Work item
Your reply should consist of the listing, copied exactly.

Given records
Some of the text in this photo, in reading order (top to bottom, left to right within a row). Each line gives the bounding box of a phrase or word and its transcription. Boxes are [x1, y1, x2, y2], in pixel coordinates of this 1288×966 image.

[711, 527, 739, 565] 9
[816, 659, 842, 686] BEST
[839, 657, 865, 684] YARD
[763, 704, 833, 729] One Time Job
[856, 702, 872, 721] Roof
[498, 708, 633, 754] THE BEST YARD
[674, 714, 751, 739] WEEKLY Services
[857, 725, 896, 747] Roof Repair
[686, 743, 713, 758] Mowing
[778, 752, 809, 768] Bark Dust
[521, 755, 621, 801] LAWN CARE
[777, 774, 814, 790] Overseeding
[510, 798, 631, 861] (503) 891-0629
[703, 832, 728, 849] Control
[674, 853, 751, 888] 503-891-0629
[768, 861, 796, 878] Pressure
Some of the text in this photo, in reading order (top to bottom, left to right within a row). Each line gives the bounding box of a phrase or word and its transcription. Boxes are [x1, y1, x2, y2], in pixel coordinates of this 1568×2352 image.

Answer space
Some of the text in this photo, in reading order (top to bottom, left to right within a row). Each line gives the bounding box of a phrase or word and its transcription. Boxes are [x1, y1, x2, y2], in pixel coordinates of this 1288×966 image.

[711, 527, 739, 565] 9
[816, 659, 842, 686] BEST
[839, 657, 865, 684] YARD
[763, 704, 833, 729] One Time Job
[856, 702, 872, 721] Roof
[498, 708, 633, 754] THE BEST YARD
[674, 714, 751, 739] WEEKLY Services
[857, 725, 896, 747] Roof Repair
[686, 743, 713, 758] Mowing
[778, 752, 809, 768] Bark Dust
[521, 755, 621, 801] LAWN CARE
[777, 774, 814, 790] Overseeding
[510, 798, 631, 861] (503) 891-0629
[703, 832, 728, 849] Control
[674, 853, 751, 888] 503-891-0629
[768, 861, 796, 878] Pressure
Some of the text in this photo, in reading order (top to bottom, left to right within a row). Each line gives the bounding box of a phrase or word and its transcription. Boxes are [x1, y1, x2, y2], in pixel coordinates of this 1568×2352 image.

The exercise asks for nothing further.